The following are the top stories in the national and international press today.

Times of Malta reports that a 49-year-old man was charged with raping the eight-year-old daughter of his former partner while the girl’s mother was out prostituting herself. It also says Tuesday’s nationwide power outage was the result of a single faulty cable.

In-Nazzjon says the blackout was one the like of which had not been seen in 25 years, with many industrial and commercial zones as well as families having to spend 19 hours without electricity.

L-Orizzont says the blackout provided astronomers with an opportunity to take photographs of star-lit skies, something they found difficult to do on other days because of light pollution.

The Malta Independent says the Mgarr Feast and Culture Committee has blasted former parish priest Emanuel Camilleri and branded him a “de facto dictator”.

International news

Fox News reports that after a US Army Special Forces team was flown atop Sinjar Mountain in Iraq to assess the situation, Defence Secretary Chuck Hagel told reporters that far fewer refugees were stranded and it was far less likely the US would undertake a rescue mission. Hagel said airdrops of food and water had sustained the refugees and that airstrikes on Islamic State group militants had allowed many to escape.

A senior Isis official has confirmed to CNN that jihadists have detain at least 100 women and children Yazidis. They were kidnapped a week ago in Sinjar when fighters have entered, killing a large number of men. The official said they were taken to Mosul where they would be converted to Islam.

Le Soir announces that an extraordinary EU Foreign Affairs Council takes place in Brussels tomorrow to discuss the crisis in Iraq, Gaza and Ukraine. The meeting would be chaired by the the EU Foreign Policy chief Catherine Ashton.

Al Ahram says Egyptian and Palestinian officials have said Israel and Hamas have agreed to extend a temporary cease-fire for five days,  permitting the sides to continue to negotiate a substantive deal to end the war in Gaza. Yet even as the extension was announced just minutes before a previous truce was set to expire at midnight, violence spiked, with Palestinian militants firing five rockets at Israel and Israel targeting sites across the Gaza Strip in response.

The New York Times reports Saudi Arabia has given $100 million to the United Nations to help in the global fight against terrorism. UN Secretary-General Ban Ki-moon accepted the donation for the United Nations Counter-terrorism Centre – launched in 2011 to tackle new security threats posed by terrorism. The Saudi donation follows its giving $500 million to the UN effort helping Iraqis forced to flee the violence in their own country.
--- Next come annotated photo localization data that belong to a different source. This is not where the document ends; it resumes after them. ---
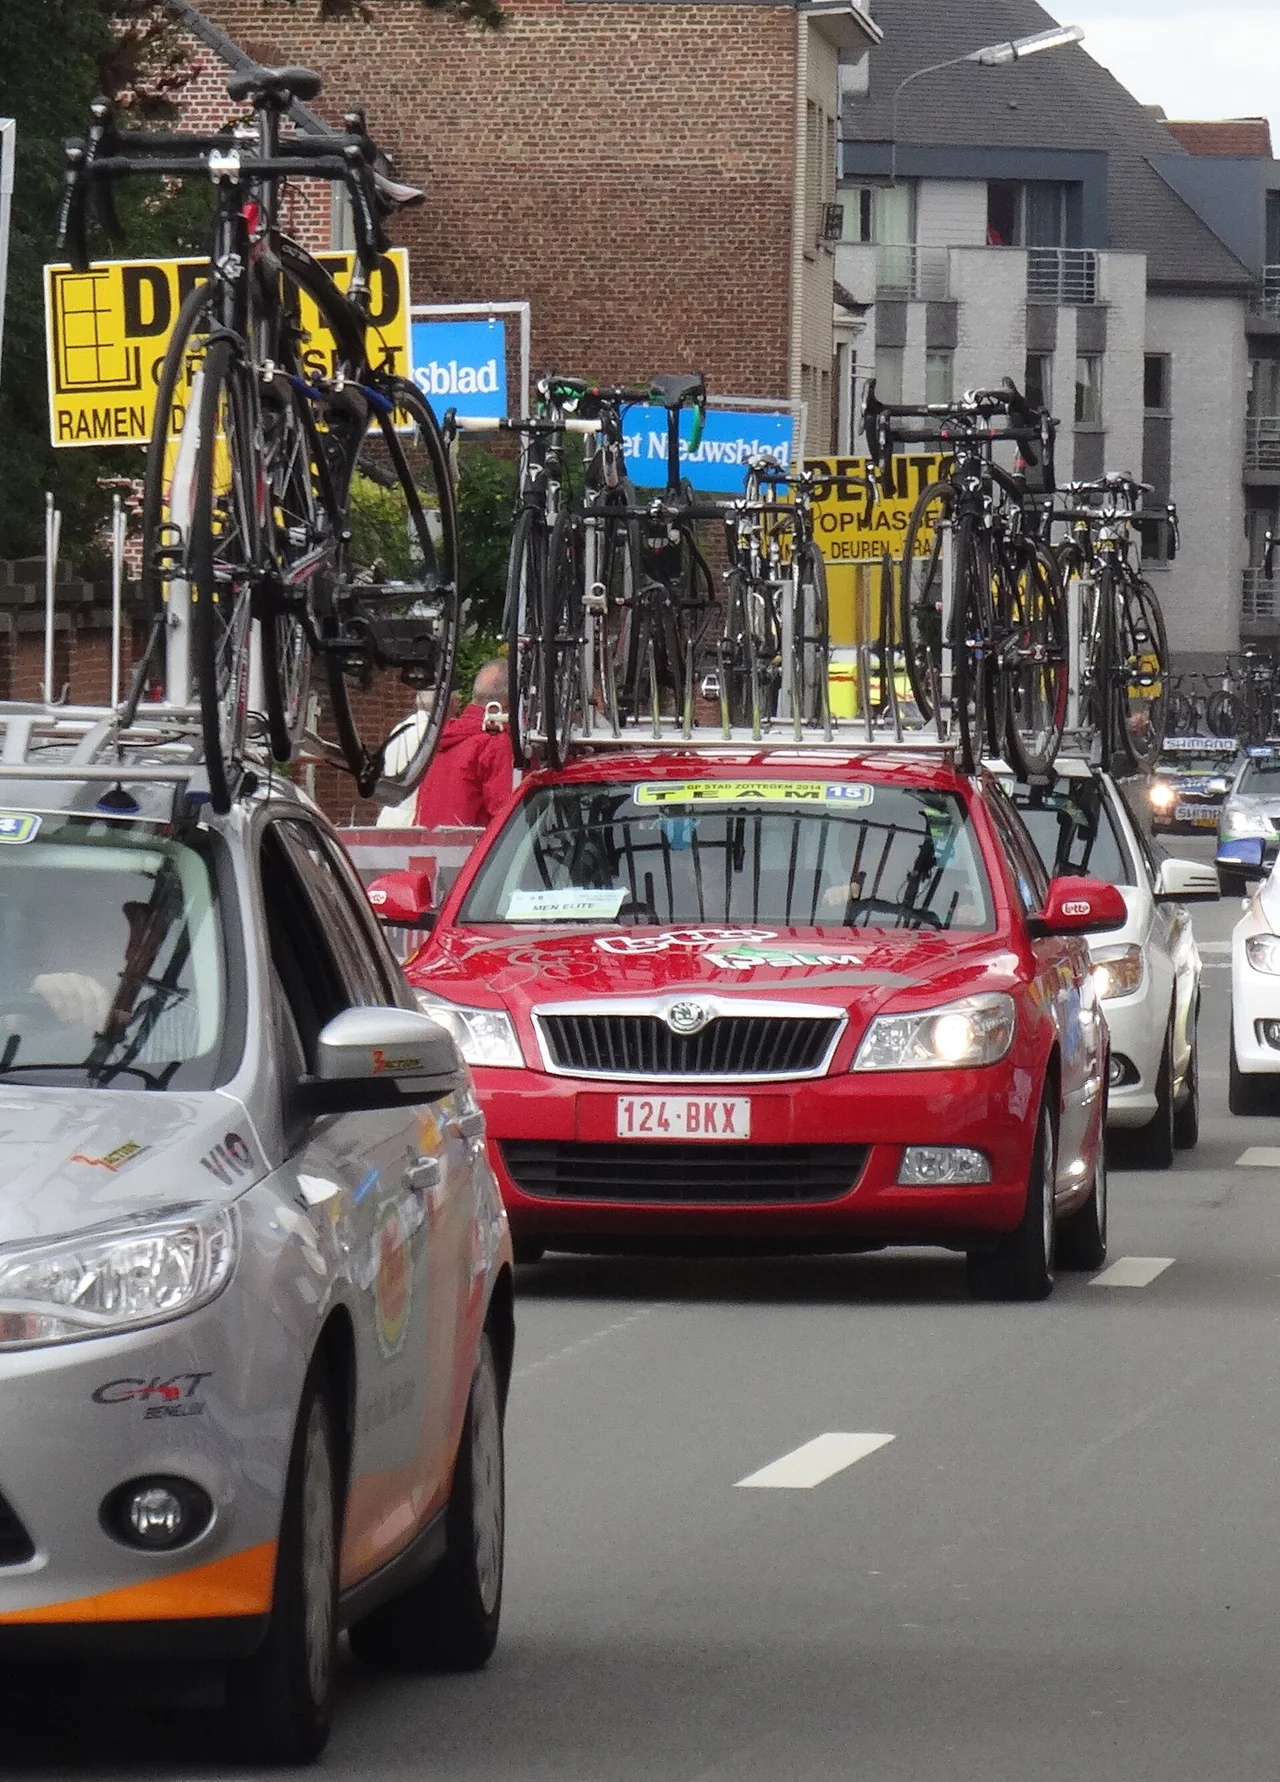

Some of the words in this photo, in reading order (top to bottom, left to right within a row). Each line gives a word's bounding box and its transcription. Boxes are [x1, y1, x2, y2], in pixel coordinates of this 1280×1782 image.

[412, 358, 499, 395] sblad
[58, 408, 146, 440] RAMEN
[647, 431, 790, 466] Neuwsblad
[831, 541, 891, 559] DEUREN
[1166, 739, 1234, 749] SHIMANO
[647, 790, 820, 800] TEAM
[828, 786, 862, 798] 15
[623, 1101, 737, 1133] 124-BKX
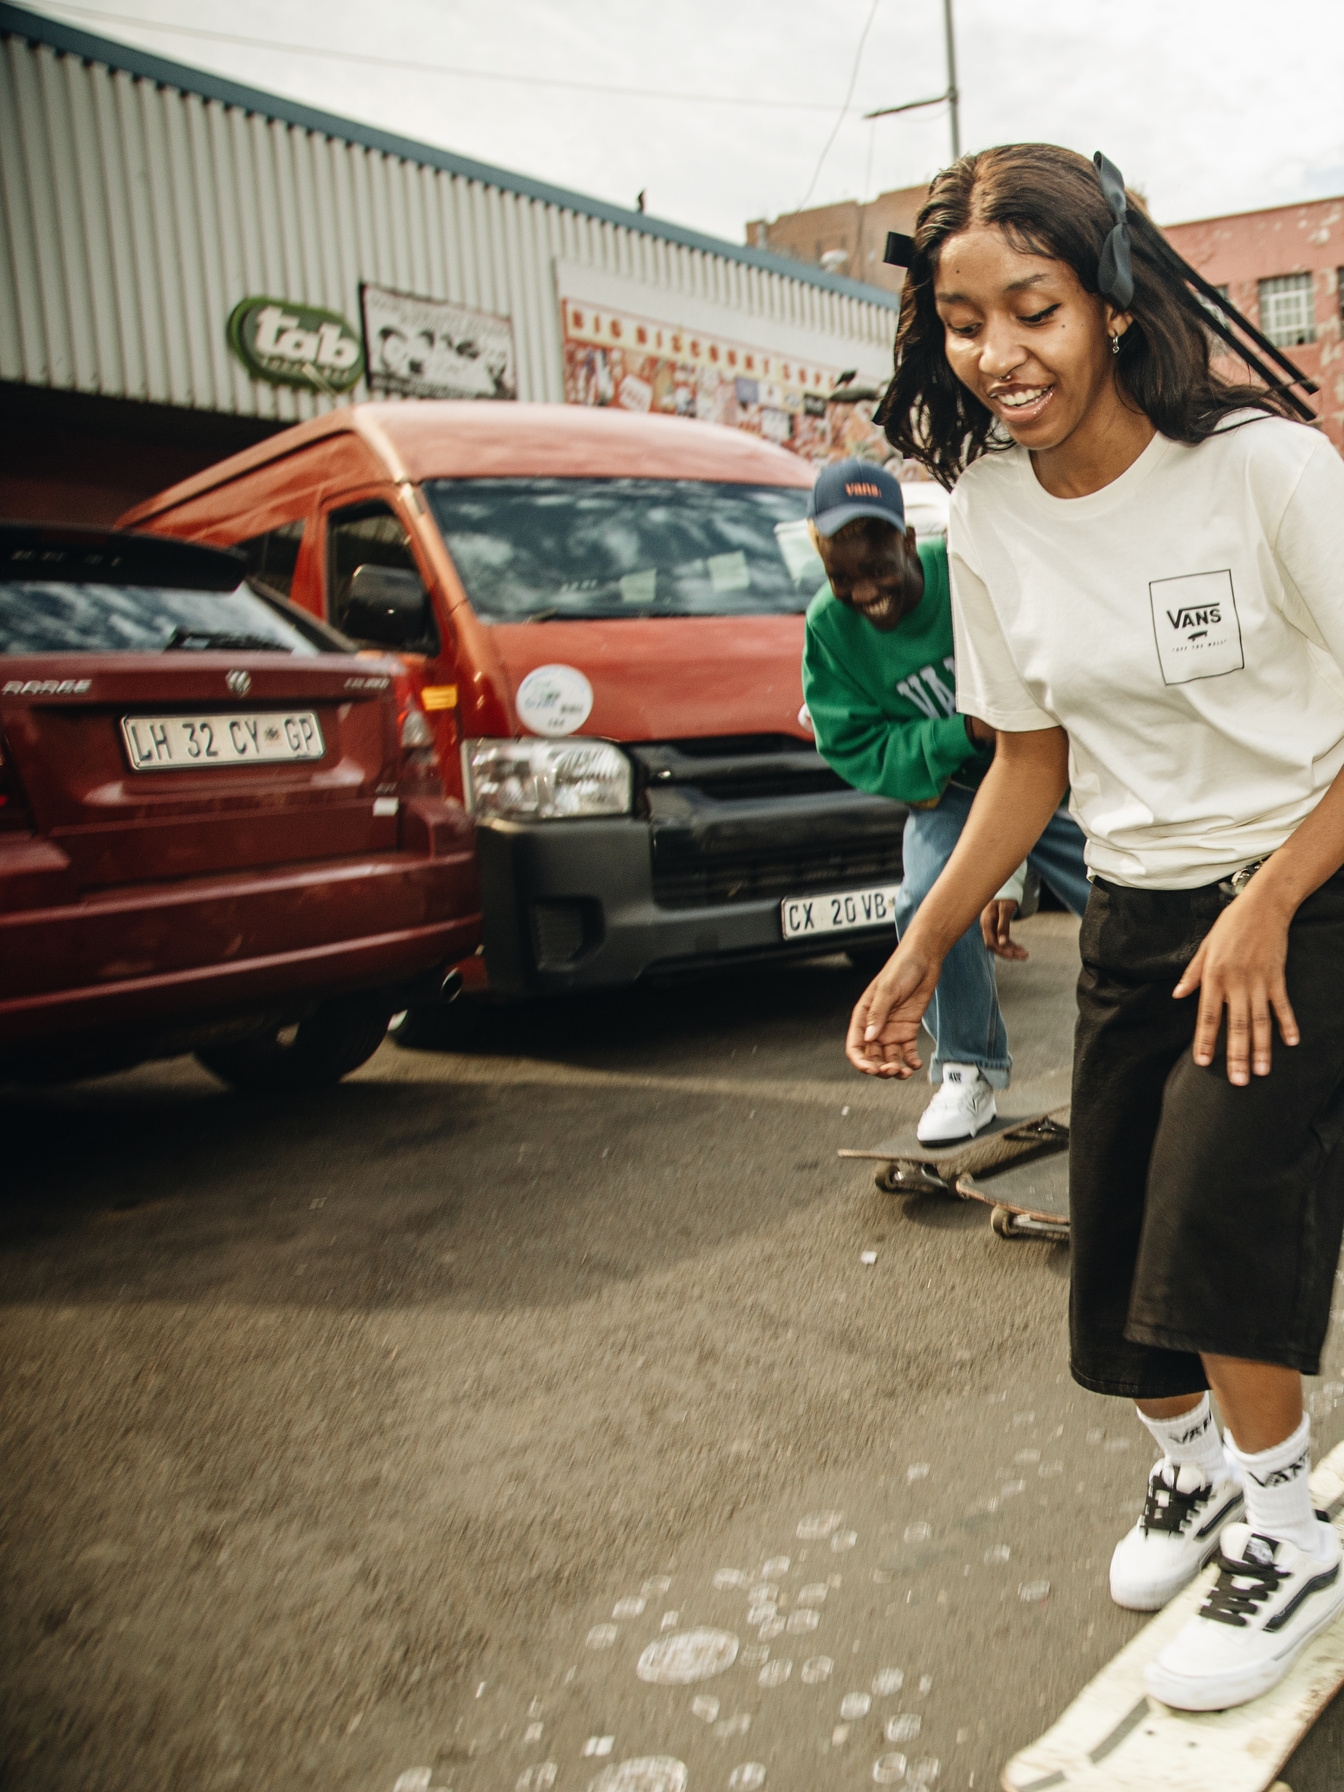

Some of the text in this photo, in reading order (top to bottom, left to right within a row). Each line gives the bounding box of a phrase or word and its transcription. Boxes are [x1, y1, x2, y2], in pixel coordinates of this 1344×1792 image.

[254, 305, 360, 369] tab
[1166, 602, 1222, 630] VANS
[130, 717, 313, 762] LH 32 CY GP
[789, 893, 887, 931] CX 20 VB
Reuters reports Pope Francis arrived in the South Korean capital Seoul after sending an unprecedented message of goodwill to China as he flew over the country that does not allow its Catholics to recognise his authority. The pontiff will spend five days in South Korea, meeting some of the country's five million Catholics on the first trip by a pontiff to Asia since 1999. North Korea fired three short-range rockets off its east coast on Thursday, South Korea's Ministry of Defence said, shortly before Pope Francis arrived in Seoul.

Kyiv Post says a rebel-held city in eastern Ukraine came under intensified shelling Wednesday as the UN revealed that the death toll from the fighting between government troops and separatists has nearly doubled in the last two weeks. The UN's human rights office said the organisation's very conservative estimates show the overall death toll has risen to at least 2,086 people as of August 10, up from 1,129 on July 26.
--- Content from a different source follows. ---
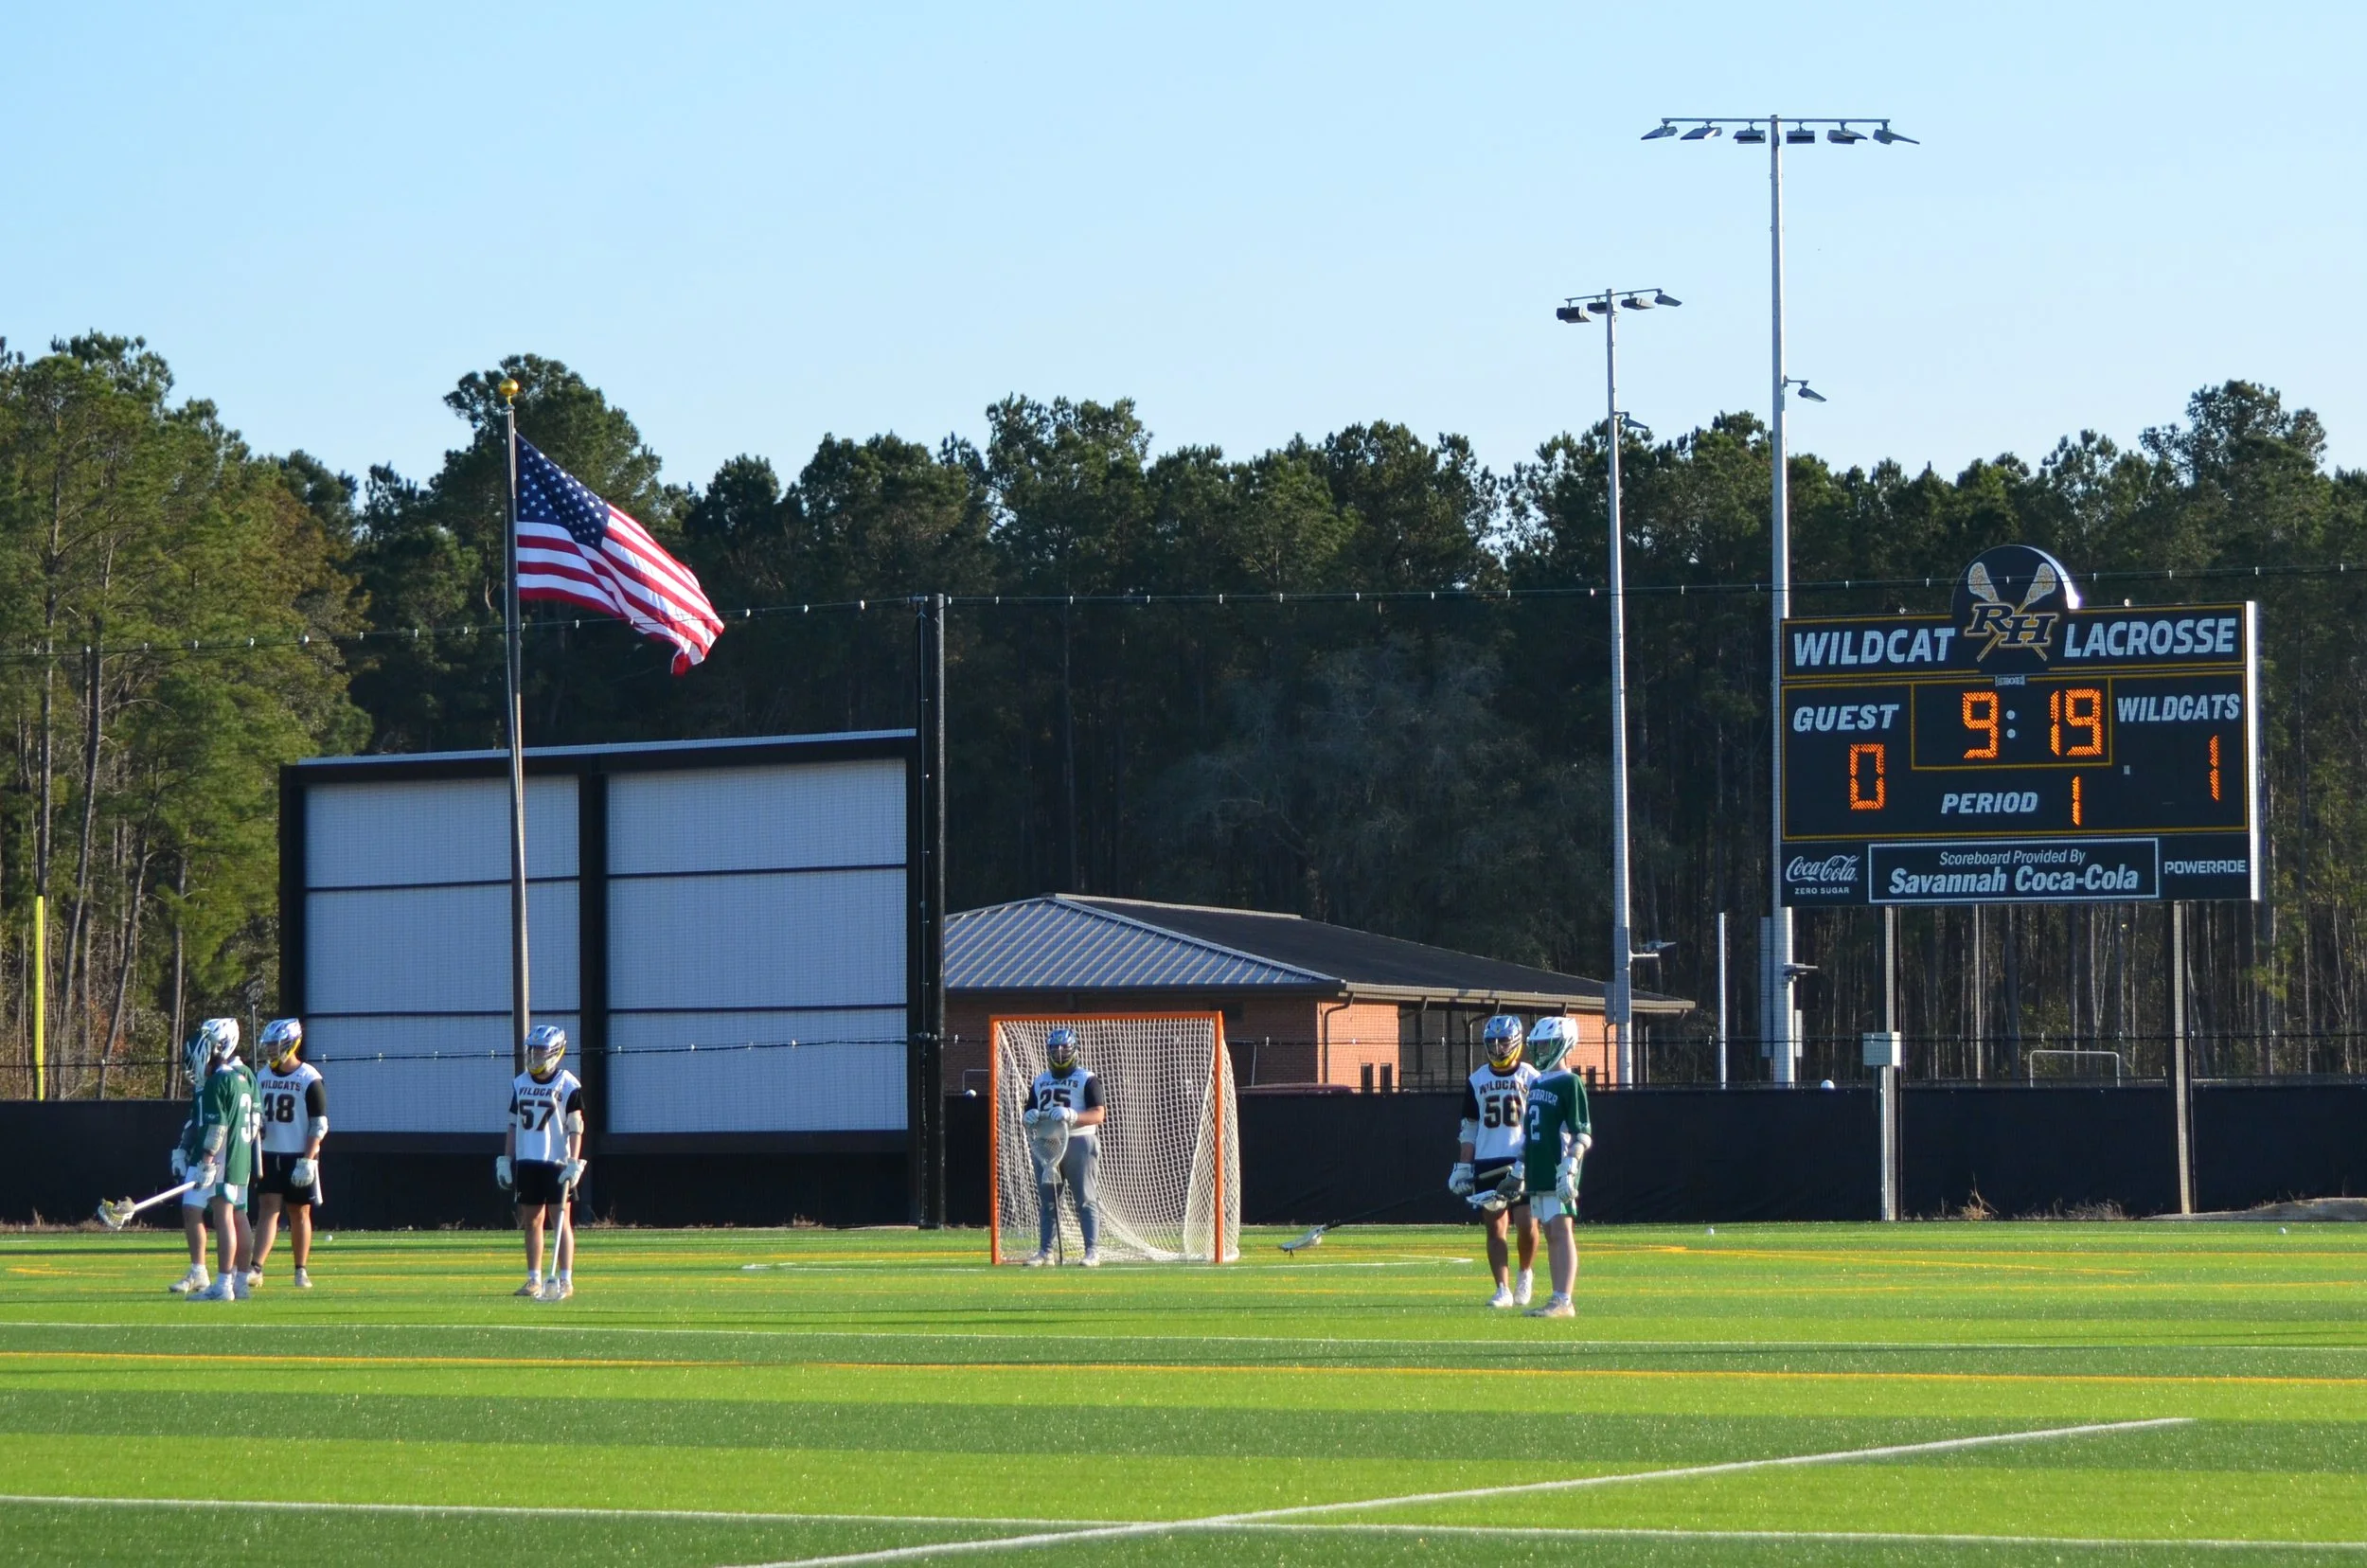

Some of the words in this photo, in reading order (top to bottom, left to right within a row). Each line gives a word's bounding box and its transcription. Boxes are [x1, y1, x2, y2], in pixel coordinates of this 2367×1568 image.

O Globo reports Brazilian presidential candidate Eduardo Campos has died in a plane crash, ahead of elections in October. Brazil’s air force said the small Cessna aircraft carrying Campos had attempted to land in bad weather. The government has ordered three days of official mourning.

Focus news agency says a consignment of experimental Ebola drugs has arrived in Liberia to treat two doctors suffering from the virus, which has killed more than 1,000 people across four West African countries. The world's worst outbreak of Ebola has claimed the lives of 1,069 people and there are 1,975 probable and suspected cases, the vast majority in Guinea, Liberia and Sierra Leone, according to new figures from the World Health Organisation. Three people have died in Nigeria.

The Associated Press says a large international study questions the conventional wisdom that most people should cut back on salt, suggesting that the amount most people consume is appropriate for heart health – and too little may be as bad as too much. The findings came under immediate attack by other scientists. Limiting salt is still important for people with high blood pressure and a second study estimates that too much sodium contributes to up to 1.65 million deaths each year. The studies both have strengths and weaknesses, and come as the US government is preparing to nudge industry to trim sodium in processed and restaurant foods.